ASSIGNMENT.
Before you return the entries below, strip out the pictures and keep all else exact.

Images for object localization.
=-=-=
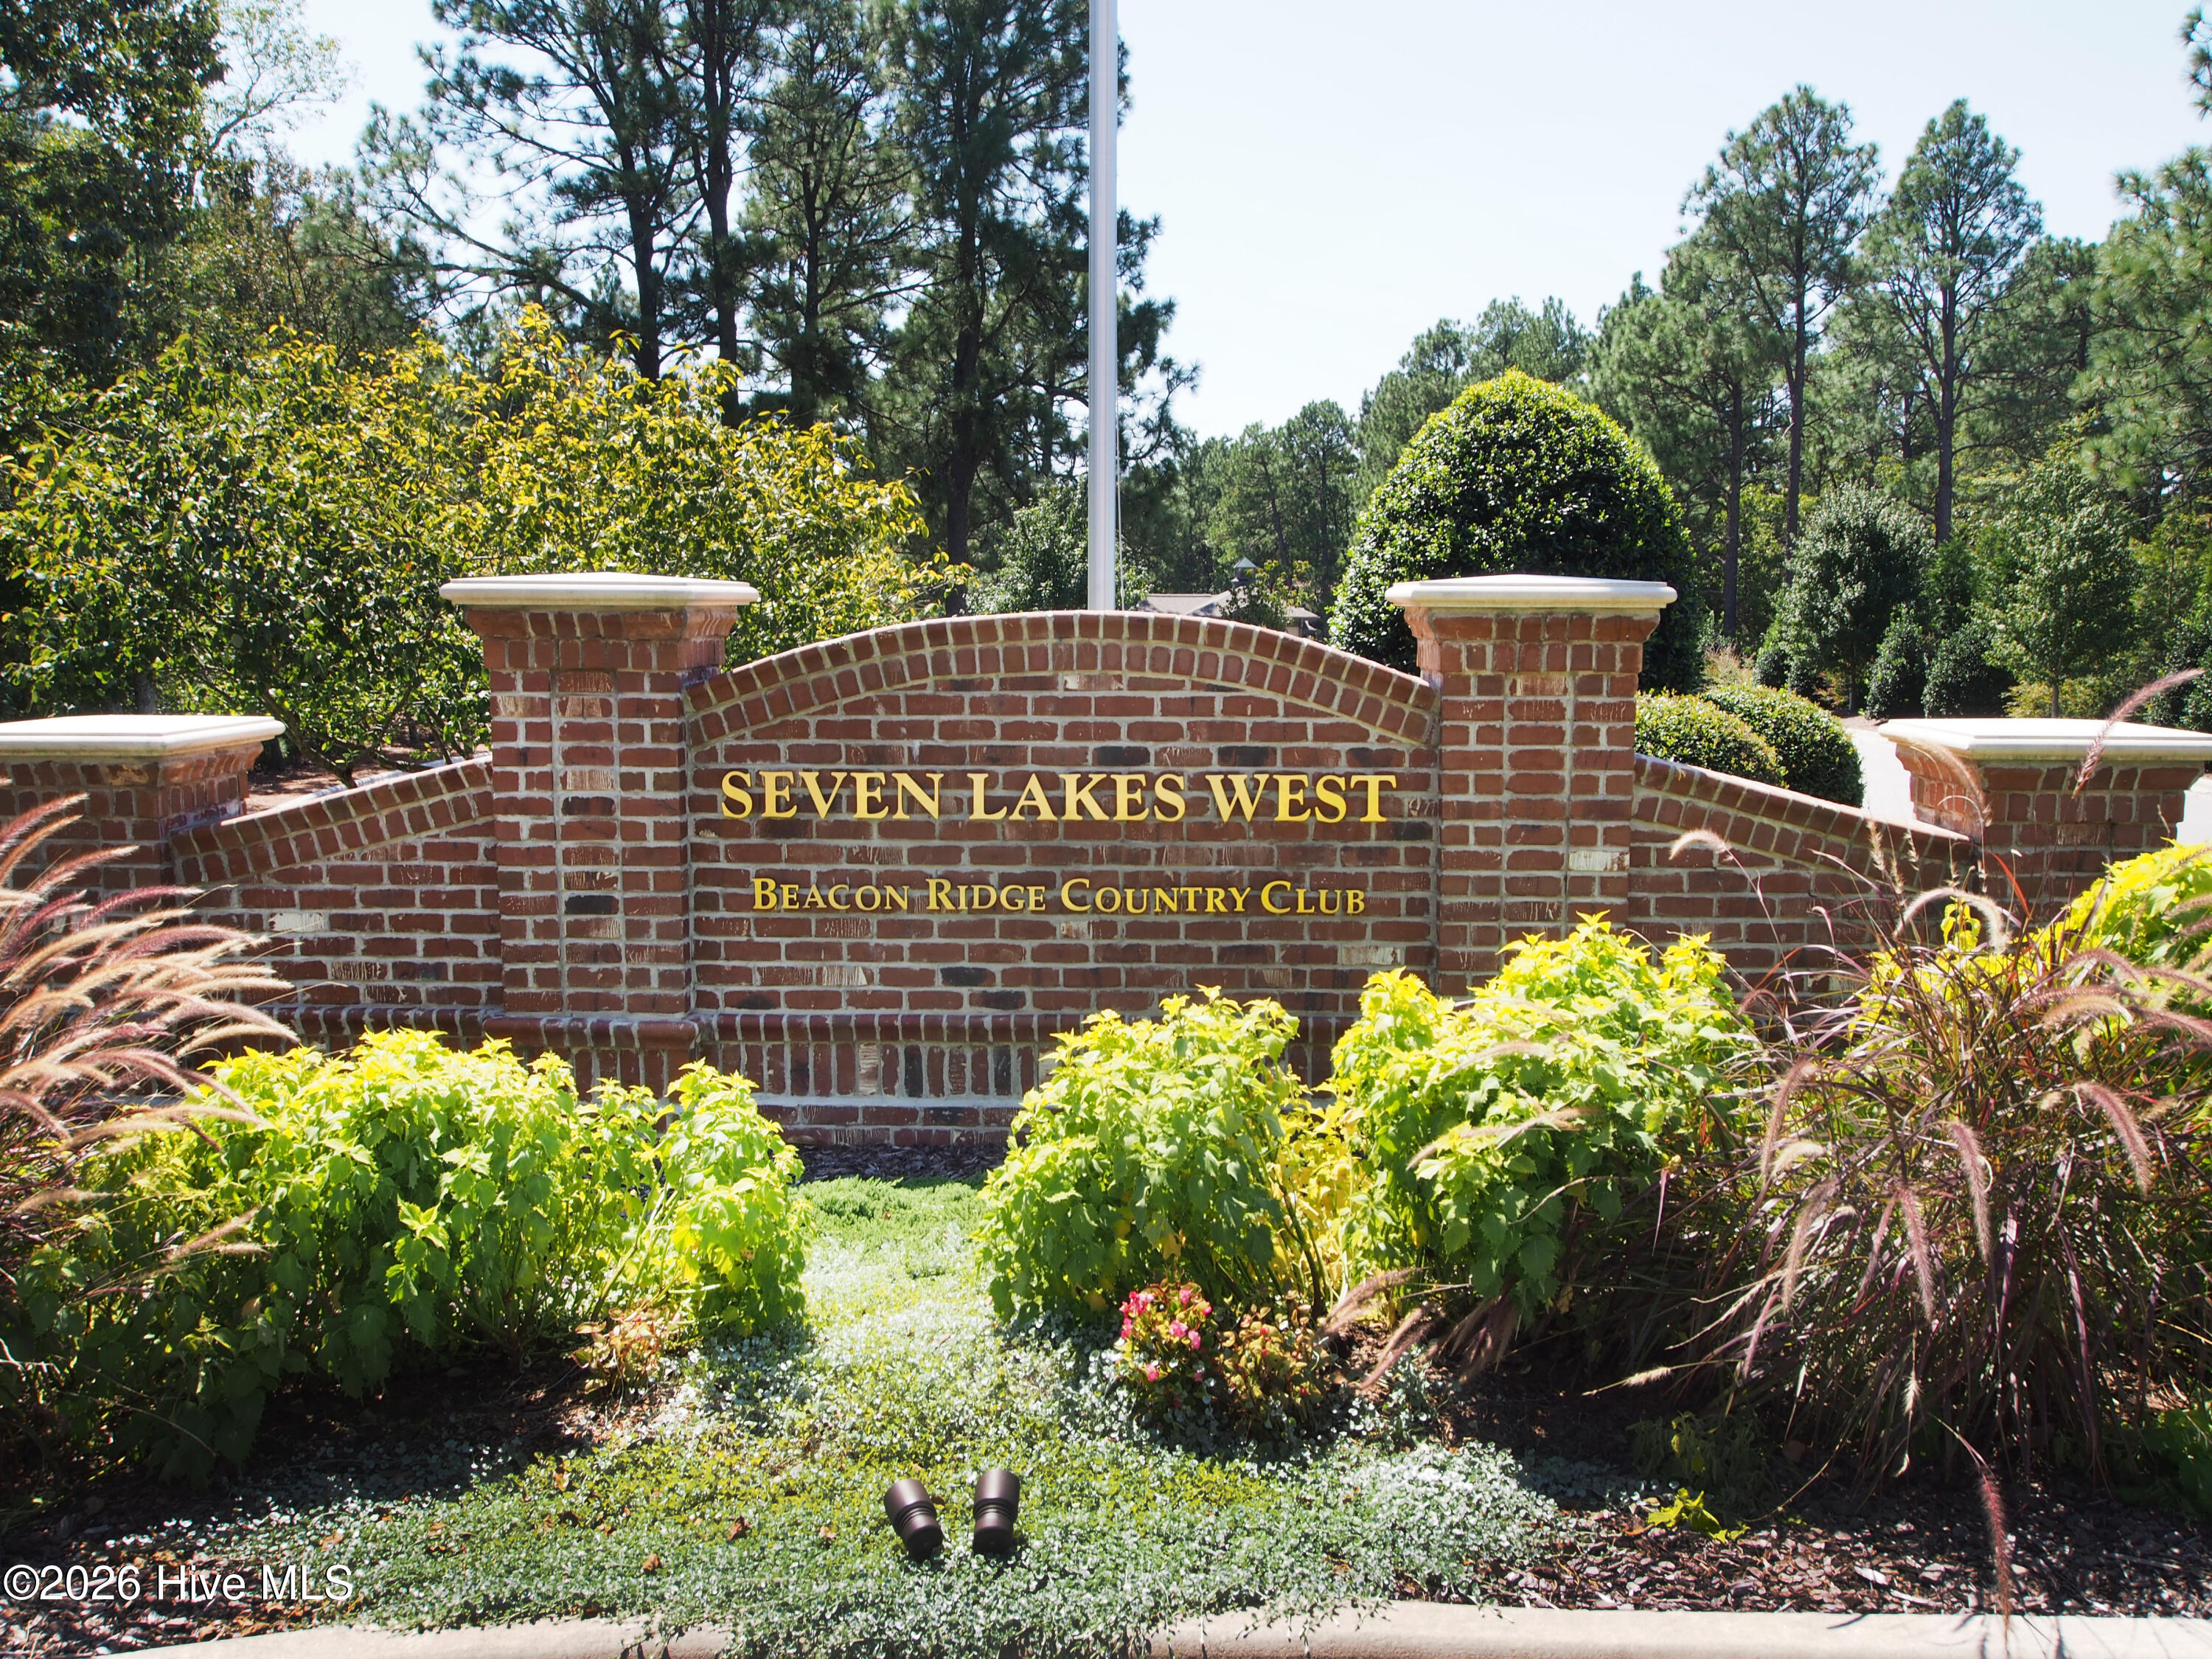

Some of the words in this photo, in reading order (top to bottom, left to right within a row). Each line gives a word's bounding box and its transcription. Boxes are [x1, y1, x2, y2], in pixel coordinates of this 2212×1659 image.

[720, 771, 945, 819] SEVEN
[967, 772, 1186, 822] LAKES
[1205, 773, 1397, 824] WEST
[751, 877, 910, 911] BEACON
[925, 878, 1046, 911] RIDGE
[1060, 877, 1251, 914] COUNTRY
[1261, 880, 1366, 915] CLUB
=-=-=
PROBLEM SOLUTION.
Some of the words in this photo, in reading order (top to bottom, left to right within a row). Each line gives a word's bounding box and its transcription. Boxes are [x1, y1, x2, y2], in pixel coordinates of this 2212×1659 image.

[720, 771, 945, 819] SEVEN
[967, 772, 1186, 822] LAKES
[1205, 773, 1397, 824] WEST
[751, 877, 910, 911] BEACON
[925, 878, 1046, 911] RIDGE
[1060, 877, 1251, 914] COUNTRY
[1261, 880, 1366, 915] CLUB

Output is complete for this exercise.